Генерал Синеоков поработал техническим руководителем
и снова принял Управление. А Анастас Микоян стал наркомом пищевой
промышленности, и я, окончив Тимирязевскую академию, много лет работала
под его руководством. Нужно сказать, что более толкового руководителя
я за всю свою трудовую жизнь не встречала.
За окном темень, лишь на дальнем конце крыла вспыхивает маячок
в оранжевом коконе. Приглушен шум моторов. Лампионы в салоне увеличили
накал, стюардессы предлагают ситро и монпансье. Я, откинувшись на
спинку, посасываю леденец и вспоминаю, вспоминаю...
В моей жизни уж очень энергические и благородные порывы порой
ввергали меня в смертельную опасность. Я могла бы промолчать, и
жизнь моя потекла бы не столь опасно, но тогда это была бы не я.
Но удивительно: в минуты смертельной опасности будто кто-то незримый
появлялся за спиной, дышал мне в затылок, подкручивал фокус, и картина
становилась иной и ясной, чья-то невесомая, но могучая рука буквально
за волосы выхватывала меня из бездны.
- Так, в тридцать четвертом году, в пять утра, к нам домой приехало
ГПУ, но я была в небе, на самолетике «Фока».
А в самый кошмарный период жизни спас меня мой неродившийся сын.
Но могла я промолчать и поступить иначе? - Нет.
В тридцатом году, когда я работала старшим инженером
на Керченском консервном заводе, в газете появилась статья о вредительстве
в пищевой промышленности. Мой профессор Розенберг, у которого в
Академии я была ассистентом и создавала вместе с ним новую рецептуру
по ассортименту, с группой других пищевиков был арестован: «вредительство
при проектировании заводов, заведомо не обеспеченных сырьевой базой».
Это потрясло меня.
Розенберг был ведущим ученым, заграница оптом
покупала консервы нашего завода -помидоры без кожуры в собственном
соку или икру рыбную, изготовленную при низких температурах по его
рецептам. А комбинат имени Микояна в станице Крымской, за проект
которого и был расстрелян профессор, лучший завод в стране и по
сегодняшний день. Я утверждаю, что после расстрела профессора наша
консервная промышленность по ассортименту остановилась на том же
уровне.
Я была готова голову дать на отсечение, что Розенберг
не враг. И тут же направила письмо в адрес Верховного суда СССР
с настоятельной просьбой разобраться, выслушать меня как свидетеля,
убеждала, что совершается преступная ошибка.

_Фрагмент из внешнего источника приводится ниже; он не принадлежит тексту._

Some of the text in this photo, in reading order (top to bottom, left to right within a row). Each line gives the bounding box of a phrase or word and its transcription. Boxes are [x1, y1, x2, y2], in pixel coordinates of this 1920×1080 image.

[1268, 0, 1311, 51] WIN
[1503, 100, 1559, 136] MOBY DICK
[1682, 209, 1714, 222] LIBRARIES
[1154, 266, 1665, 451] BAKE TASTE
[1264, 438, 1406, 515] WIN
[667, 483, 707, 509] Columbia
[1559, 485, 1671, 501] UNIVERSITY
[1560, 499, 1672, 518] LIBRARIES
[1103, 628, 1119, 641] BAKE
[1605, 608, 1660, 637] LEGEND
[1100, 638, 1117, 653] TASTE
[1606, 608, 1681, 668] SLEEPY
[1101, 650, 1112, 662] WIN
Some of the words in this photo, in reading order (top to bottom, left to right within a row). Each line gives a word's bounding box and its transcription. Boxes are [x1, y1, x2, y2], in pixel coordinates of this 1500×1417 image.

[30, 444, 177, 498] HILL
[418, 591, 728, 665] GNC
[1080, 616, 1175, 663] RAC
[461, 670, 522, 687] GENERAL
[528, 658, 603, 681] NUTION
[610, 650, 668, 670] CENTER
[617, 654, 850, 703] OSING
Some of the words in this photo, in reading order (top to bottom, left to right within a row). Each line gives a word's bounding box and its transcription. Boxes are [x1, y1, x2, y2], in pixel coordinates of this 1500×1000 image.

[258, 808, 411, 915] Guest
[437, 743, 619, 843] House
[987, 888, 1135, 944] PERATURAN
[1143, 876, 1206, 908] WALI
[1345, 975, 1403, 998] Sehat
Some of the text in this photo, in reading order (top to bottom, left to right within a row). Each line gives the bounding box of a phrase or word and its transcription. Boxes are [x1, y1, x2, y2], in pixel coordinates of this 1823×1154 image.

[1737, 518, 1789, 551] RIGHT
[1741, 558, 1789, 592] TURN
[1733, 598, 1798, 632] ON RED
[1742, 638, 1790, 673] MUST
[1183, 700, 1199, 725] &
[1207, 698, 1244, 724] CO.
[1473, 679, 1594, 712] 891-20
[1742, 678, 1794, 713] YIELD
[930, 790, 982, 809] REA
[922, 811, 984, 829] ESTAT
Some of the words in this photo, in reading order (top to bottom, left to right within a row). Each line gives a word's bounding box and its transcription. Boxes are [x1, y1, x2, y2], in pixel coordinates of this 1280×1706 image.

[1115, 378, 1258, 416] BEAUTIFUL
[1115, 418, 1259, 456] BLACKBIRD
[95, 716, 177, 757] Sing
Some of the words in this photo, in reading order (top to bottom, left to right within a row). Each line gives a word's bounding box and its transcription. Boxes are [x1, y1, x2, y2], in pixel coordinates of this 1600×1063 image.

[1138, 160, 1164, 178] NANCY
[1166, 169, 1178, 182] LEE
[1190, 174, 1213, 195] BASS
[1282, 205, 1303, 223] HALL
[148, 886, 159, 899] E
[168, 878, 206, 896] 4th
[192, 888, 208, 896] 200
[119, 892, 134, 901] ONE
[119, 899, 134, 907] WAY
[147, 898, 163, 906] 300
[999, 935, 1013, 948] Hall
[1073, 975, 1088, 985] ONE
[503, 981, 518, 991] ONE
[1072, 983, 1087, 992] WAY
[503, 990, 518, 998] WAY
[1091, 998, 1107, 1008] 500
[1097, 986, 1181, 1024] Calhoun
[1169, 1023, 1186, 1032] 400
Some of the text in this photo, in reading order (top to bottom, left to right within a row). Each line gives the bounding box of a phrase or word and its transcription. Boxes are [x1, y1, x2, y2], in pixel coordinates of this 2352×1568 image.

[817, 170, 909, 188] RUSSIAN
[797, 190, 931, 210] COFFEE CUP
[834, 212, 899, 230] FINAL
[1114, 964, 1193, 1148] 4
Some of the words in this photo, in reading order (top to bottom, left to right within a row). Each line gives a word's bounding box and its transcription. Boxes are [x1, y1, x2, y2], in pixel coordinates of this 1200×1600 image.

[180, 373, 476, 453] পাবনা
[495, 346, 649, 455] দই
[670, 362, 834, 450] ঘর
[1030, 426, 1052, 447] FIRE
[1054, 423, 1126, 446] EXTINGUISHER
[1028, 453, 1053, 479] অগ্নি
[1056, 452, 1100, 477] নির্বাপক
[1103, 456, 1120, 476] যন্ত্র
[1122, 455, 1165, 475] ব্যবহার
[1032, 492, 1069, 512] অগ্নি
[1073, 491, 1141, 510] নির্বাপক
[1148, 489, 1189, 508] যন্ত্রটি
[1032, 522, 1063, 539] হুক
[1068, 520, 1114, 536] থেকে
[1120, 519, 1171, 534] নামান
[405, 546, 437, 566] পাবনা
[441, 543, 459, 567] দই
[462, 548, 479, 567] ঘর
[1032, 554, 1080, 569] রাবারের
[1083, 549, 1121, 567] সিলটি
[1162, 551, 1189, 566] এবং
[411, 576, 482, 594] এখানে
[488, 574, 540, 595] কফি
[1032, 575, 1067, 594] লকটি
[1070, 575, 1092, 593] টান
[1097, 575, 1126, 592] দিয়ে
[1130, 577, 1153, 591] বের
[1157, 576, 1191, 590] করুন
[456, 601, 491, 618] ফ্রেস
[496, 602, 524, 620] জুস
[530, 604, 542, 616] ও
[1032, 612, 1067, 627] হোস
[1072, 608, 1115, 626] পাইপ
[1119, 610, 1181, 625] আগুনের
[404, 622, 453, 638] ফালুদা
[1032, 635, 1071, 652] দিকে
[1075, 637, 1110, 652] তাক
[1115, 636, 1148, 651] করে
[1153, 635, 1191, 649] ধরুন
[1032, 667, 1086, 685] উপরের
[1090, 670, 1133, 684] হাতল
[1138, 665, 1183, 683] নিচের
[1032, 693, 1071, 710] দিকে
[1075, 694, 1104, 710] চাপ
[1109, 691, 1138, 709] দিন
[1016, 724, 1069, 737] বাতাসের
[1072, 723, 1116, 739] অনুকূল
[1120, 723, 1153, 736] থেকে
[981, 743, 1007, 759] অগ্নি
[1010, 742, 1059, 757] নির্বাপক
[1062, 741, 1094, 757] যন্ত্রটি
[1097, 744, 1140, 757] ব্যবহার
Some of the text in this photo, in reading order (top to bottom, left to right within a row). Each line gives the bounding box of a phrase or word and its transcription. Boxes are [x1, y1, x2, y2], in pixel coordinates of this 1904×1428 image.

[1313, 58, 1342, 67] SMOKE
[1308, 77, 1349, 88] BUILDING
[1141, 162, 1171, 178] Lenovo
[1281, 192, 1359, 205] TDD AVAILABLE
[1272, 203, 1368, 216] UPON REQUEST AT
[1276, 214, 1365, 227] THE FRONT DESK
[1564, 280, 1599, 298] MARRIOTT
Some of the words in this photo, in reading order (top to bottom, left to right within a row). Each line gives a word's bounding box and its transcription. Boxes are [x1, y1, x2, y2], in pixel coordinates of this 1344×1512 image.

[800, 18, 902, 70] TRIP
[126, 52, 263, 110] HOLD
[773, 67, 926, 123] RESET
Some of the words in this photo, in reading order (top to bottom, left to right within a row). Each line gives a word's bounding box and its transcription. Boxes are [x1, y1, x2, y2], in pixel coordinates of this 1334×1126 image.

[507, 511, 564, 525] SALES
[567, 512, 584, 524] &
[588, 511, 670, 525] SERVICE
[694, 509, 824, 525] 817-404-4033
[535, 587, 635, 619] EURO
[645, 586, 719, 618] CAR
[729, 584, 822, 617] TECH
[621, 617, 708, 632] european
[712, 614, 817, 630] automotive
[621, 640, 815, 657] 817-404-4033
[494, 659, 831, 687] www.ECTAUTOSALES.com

Письмо я отправила в полдень. Вечером муж грустно
сказал: «Валечка, нас ожидают великие потрясения». На рассвете за
мной приехали. Предъявили 58-ю статью. Я обвинялась «в распространении
вражеских идей профессора Розенберга на периферии». Но убежденность
в правоте придавала энергии, и я была уверена - там разберутся.
Меня допросили, арестовали, и строгий следователь
в купированном вагоне сопроводил в Симферополь. Он провожал в туалет
и ждал у неприкрытой двери, и это возмущало больше всего.
На полустанке он усаживал меня у окна, запирал
купе, а сам прогуливался у станционного садика, торговался с бабками,
нюхал, пробовал, покупал, то и дело поглядывая в окно н§ .мемя.
Возвратившись, садился у столика, на газете раскладывал продукты,
шелушил тарань и ел, объяснив, что меня, как арестованную, не имеет
права угощать, а мой обед доставят на узловой.
Меня мутило от махорочного дыма и тухловатой рыбы,
и я глядела в окно: пыльный штакетник, корявые акации в станционном
садике, за ними - буро размазанная степь. «Почему я тут, - размышляла
я - что за абсурд и безумие окружают меня, разве не ясно, что я
не виновата?»
Поезд все стоял, и это тоже казалось абсурдом.
Следователь, поев, закурил и, выпустив дым, сказал:
- Глядите в окно, гражданка Цытович, любуйтесь, потом вы будете
видеть небо только через решетку.
- А там что, не разбираются - оттуда никто не выходит?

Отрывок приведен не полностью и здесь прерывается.